Fourth, these numbers are all a bit misleading simply because only a portion of reloads are combat reloads. If your Dualgunner Technician kills the only enemy in sight, then Dualreloads and nothing pops in and attacks him, it usually doesn't matter that the Sharpshooter Technician would've needed less time to reload.
Fifth, by a similar token rolling reload duration into DPS draws attention away from how important 'time until kill' is: the sooner an enemy is dead, the sooner it stops attacking Doomguy. Even if a given Dualgunner does end up behind a given Sharpshooter in DPS under this number-crunching, in reality the Dualgunner ends up minimizing HP losses and Armor damage through killing targets faster up-front.
Sixth, this 10mm ammo chain usage doesn't prop up Sharpshooter relative to Gun Kata on the Scout: Gun Kata is simply a far superior solution to the issue of combat reloads. This isn't an issue in a 'local' sense -your Technician run that finds the Trigun can't decide to switch to being a Gun Kata Scout- but is relevant to the broader 'Sharpshooter is understrength' point, in that if you want to do a Pistol run you're better off picking a Scout to go Gun Kata.
On top of all these relatively straightforward math issues, Sharpshooter is hampered by how it embraces and exaggerates one of the default weaknesses of Pistol specialization: that crowds of enemies increasingly become one of the main ways the game threatens Doomguy (Especially in Angel of 100/Archangel of 666), and Pistols hit only one target at a time.
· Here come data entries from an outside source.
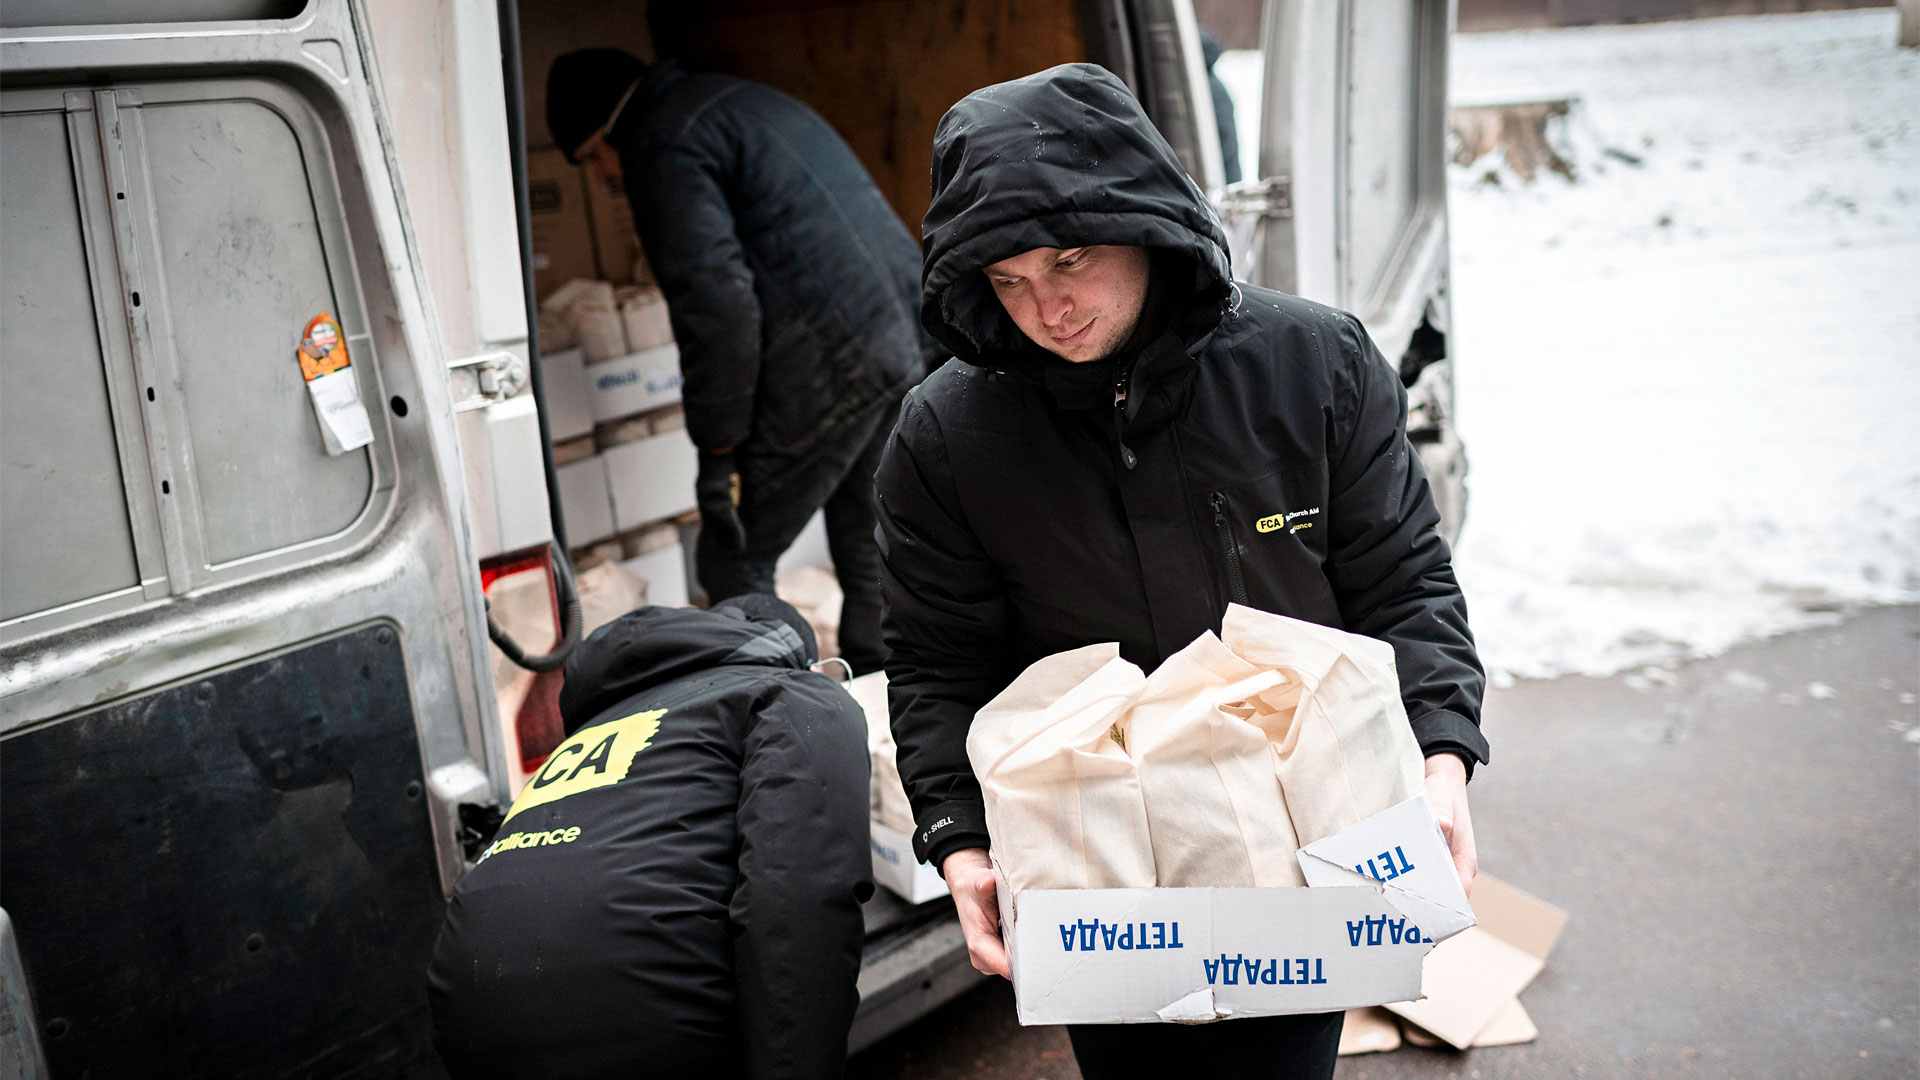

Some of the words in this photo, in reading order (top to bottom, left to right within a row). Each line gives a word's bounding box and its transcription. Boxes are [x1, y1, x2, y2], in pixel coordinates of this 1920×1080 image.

[1260, 519, 1281, 529] FCA
[532, 732, 619, 789] CA
[1355, 846, 1415, 883] ТЕТ
[1059, 918, 1184, 952] ТЕТРАДА
[1203, 953, 1327, 985] ТЕТРАДА
Gun Kata and Bullet Dance each ablate this weakness: Bullet Dance outputting so many bullets at a time allows it to hit key targets (Mostly: Archviles) through meatshields by virtue of killing the meatshield with bullets to spare, while Gun Kata turns slain enemies into free reloads so the shooting never stops, so weak secondary targets actually improve its ability to put damage on the strong primary target. Sharpshooter can really struggle to fight through Archvile-backed mobs without turning to other weapons..
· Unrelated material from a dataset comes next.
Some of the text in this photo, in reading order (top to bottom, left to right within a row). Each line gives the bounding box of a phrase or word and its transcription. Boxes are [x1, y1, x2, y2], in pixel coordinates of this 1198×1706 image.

... especially since its 100%-reliable knockback from its high-roll shots often ensures a target enemy is getting knocked back into the darkness as it dies, which reduces the odds of an Archvile in back actually bothering to come into sight. Enemies that have 'locked on' to Doomguy (almost) always move closer if they decide to move, which normally results in eg a Baron of Hell you're shooting at getting further away from any Archvile lurking in back, eventually meaning the Archvile has to actually get closer before it can resurrect the Baron of Hell, or even resulting in the Baron of Hell putting cover between it and the Archvile so the Archvile has to move a lot more than one tile to resurrect the Baron of Hell. Sharpshooter's reliable knockback breaks this natural outcome of the game's systems, where Doomguy trying to kill things (So they stop killing him) ends up getting him bogged down by Archvile resurrections. There's behavioral things you can do to work around this, but depending on current conditions... those courses of action might not be available to you, or might have other flaws that make them a big problem to actually employ.
Oh, and when I said 'one of the weaknesses', I actually meant 'two of the weaknesses': one of the hazards with a Pistol build is that it has an extended period of notable weakness in the early game. When you have Son of a Gun at rank 1 or 2, it's often better to just ignore your Pistol entirely in favor of a Shotgun. Even at Son of a Gun 3, a basic Pistol is still often going to be pushed aside by a Shotgun: normally a Pistol build finally reaches the point of it reliably making sense to focus on Pistol usage at Level 4, when Dualgunner and Son of a Gun 3 are both online... and then Sharpshooter forces you to ignore that Level 4 checkpoint in favor of waiting for your Mastery. Your Mastery that isn't very good, and more pertinently to this current point you have to wait until Level seven to activate your Mastery. In conjunction with the Technician being the class with the weakest early game in general, it's very easy to go 'I wanna do a Sharpshooter!' and then die over and over and over before ever reaching Level 7 with a bunch of would-be Sharpshooters.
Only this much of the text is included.